» **Task objective**: An exact restatement of the data is required, with the images omitted.

%%

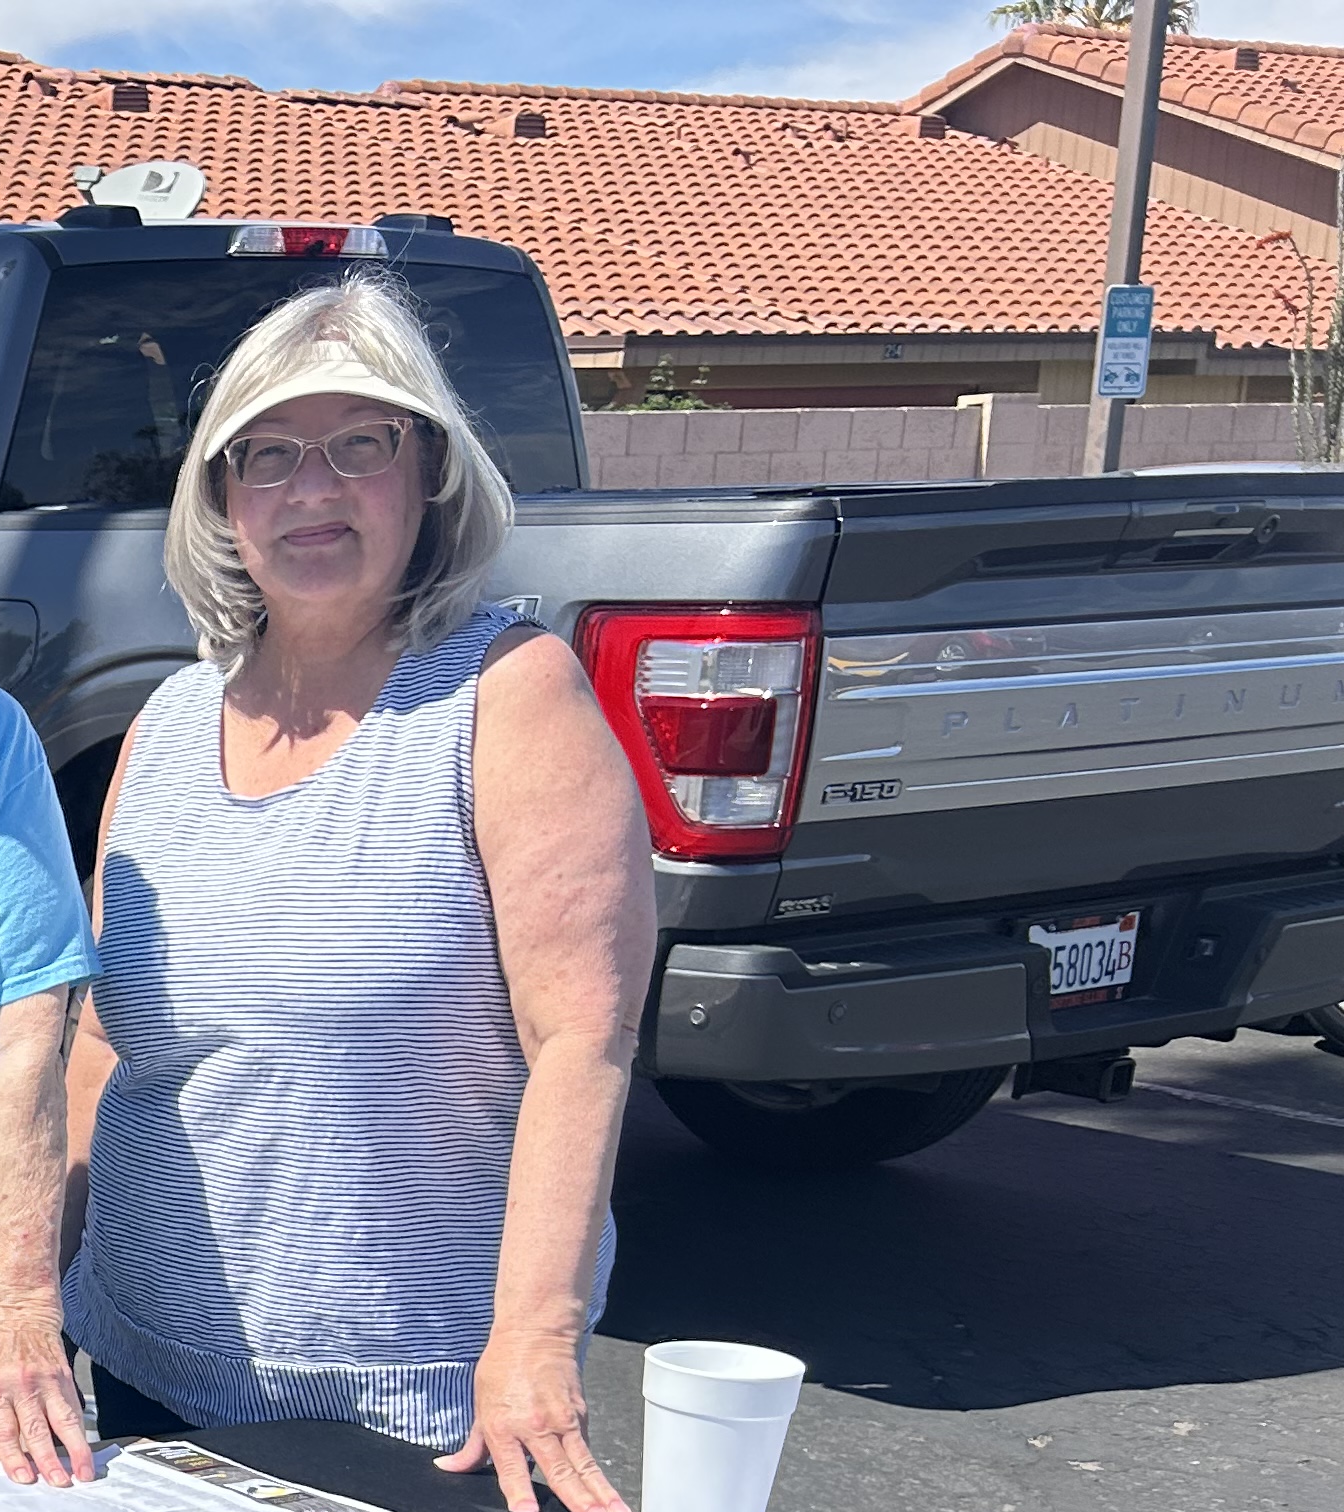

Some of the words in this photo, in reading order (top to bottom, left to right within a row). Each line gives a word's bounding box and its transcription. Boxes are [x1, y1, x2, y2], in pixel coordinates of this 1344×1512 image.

[1111, 306, 1146, 320] PARKING
[1116, 320, 1139, 333] ONLY
[821, 779, 904, 806] F-150
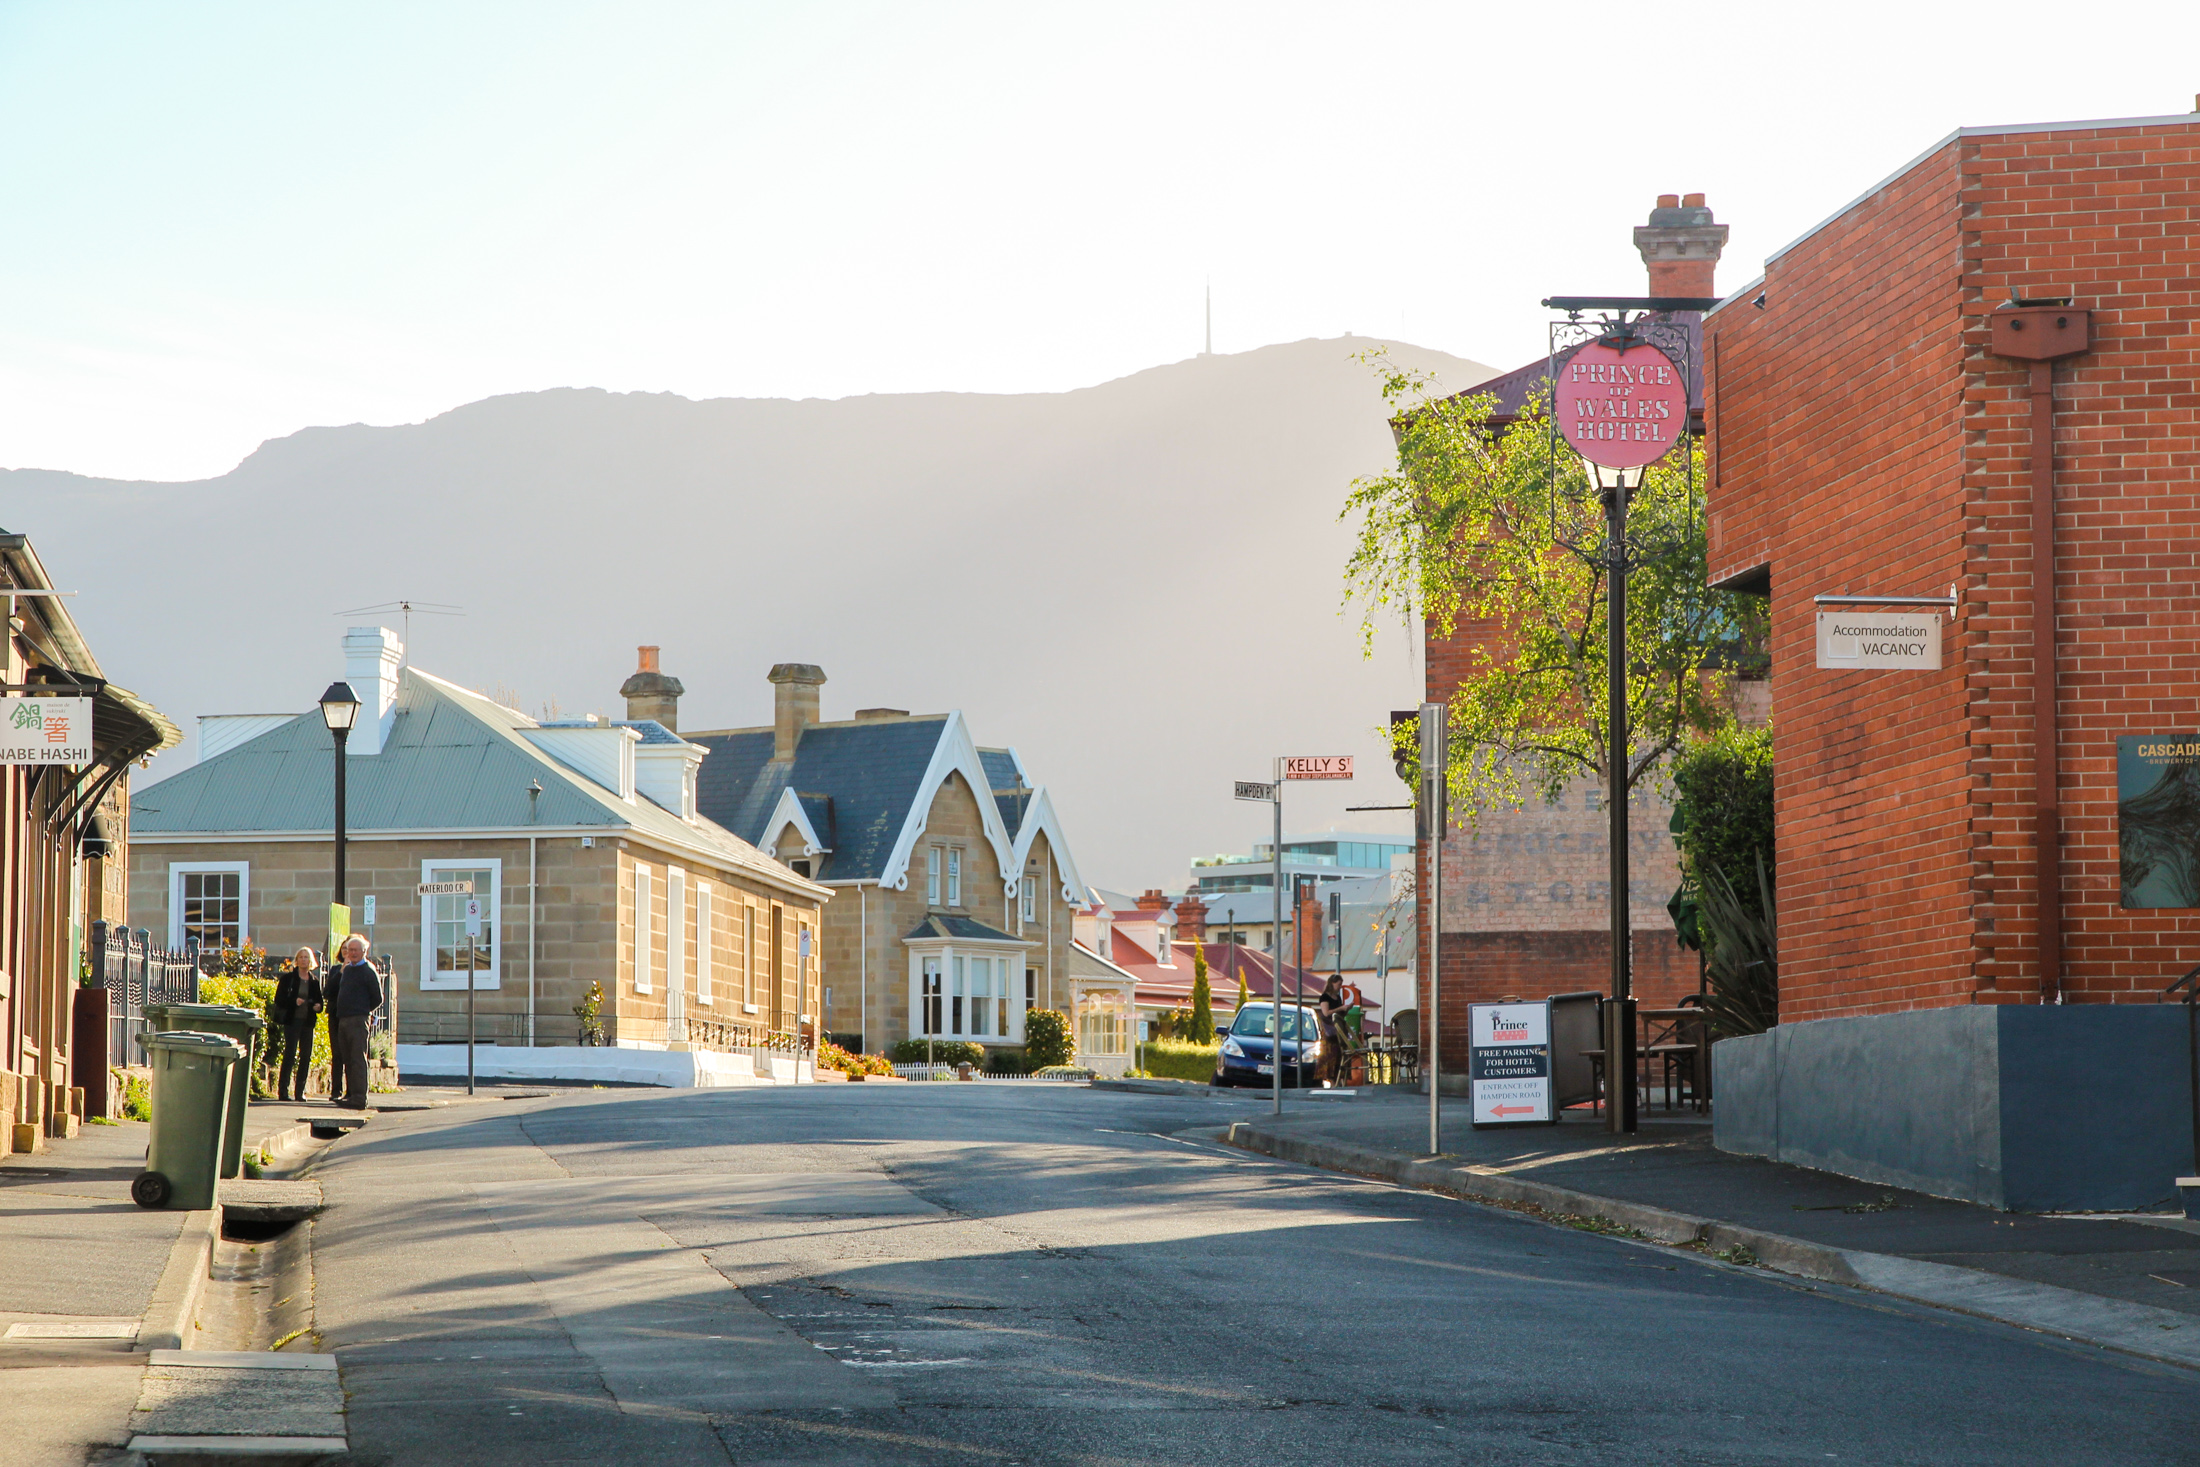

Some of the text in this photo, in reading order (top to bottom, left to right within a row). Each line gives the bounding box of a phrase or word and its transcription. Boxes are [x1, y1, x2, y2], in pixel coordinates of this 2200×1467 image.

[1571, 363, 1672, 385] PRINCE
[1609, 386, 1635, 397] OF
[1575, 398, 1670, 420] WALES
[1576, 421, 1667, 442] HOTEL
[1833, 625, 1927, 637] Accommodation
[1862, 643, 1926, 656] VACANCY
[41, 748, 87, 760] HASHI
[2138, 743, 2200, 757] CASCADE
[1288, 758, 1351, 772] KELLY ST
[1235, 783, 1264, 799] HAMPDEN
[1472, 832, 1664, 857] GROCEY
[419, 883, 464, 894] WATERLOO CR
[1493, 1019, 1528, 1031] Prince
[1478, 1048, 1541, 1058] FREE PARKING
[1484, 1067, 1537, 1076] CUSTOMERS
[1482, 1082, 1523, 1090] ENTRANCE

%%

» **Solution for this exercise**:
Some of the words in this photo, in reading order (top to bottom, left to right within a row). Each line gives a word's bounding box and its transcription. Boxes are [x1, y1, x2, y2], in pixel coordinates of this 1344×1512 image.

[1111, 306, 1146, 320] PARKING
[1116, 320, 1139, 333] ONLY
[821, 779, 904, 806] F-150

Some of the text in this photo, in reading order (top to bottom, left to right within a row). Each line gives the bounding box of a phrase or word and its transcription. Boxes are [x1, y1, x2, y2], in pixel coordinates of this 2200×1467 image.

[1571, 363, 1672, 385] PRINCE
[1609, 386, 1635, 397] OF
[1575, 398, 1670, 420] WALES
[1576, 421, 1667, 442] HOTEL
[1833, 625, 1927, 637] Accommodation
[1862, 643, 1926, 656] VACANCY
[41, 748, 87, 760] HASHI
[2138, 743, 2200, 757] CASCADE
[1288, 758, 1351, 772] KELLY ST
[1235, 783, 1264, 799] HAMPDEN
[1472, 832, 1664, 857] GROCEY
[419, 883, 464, 894] WATERLOO CR
[1493, 1019, 1528, 1031] Prince
[1478, 1048, 1541, 1058] FREE PARKING
[1484, 1067, 1537, 1076] CUSTOMERS
[1482, 1082, 1523, 1090] ENTRANCE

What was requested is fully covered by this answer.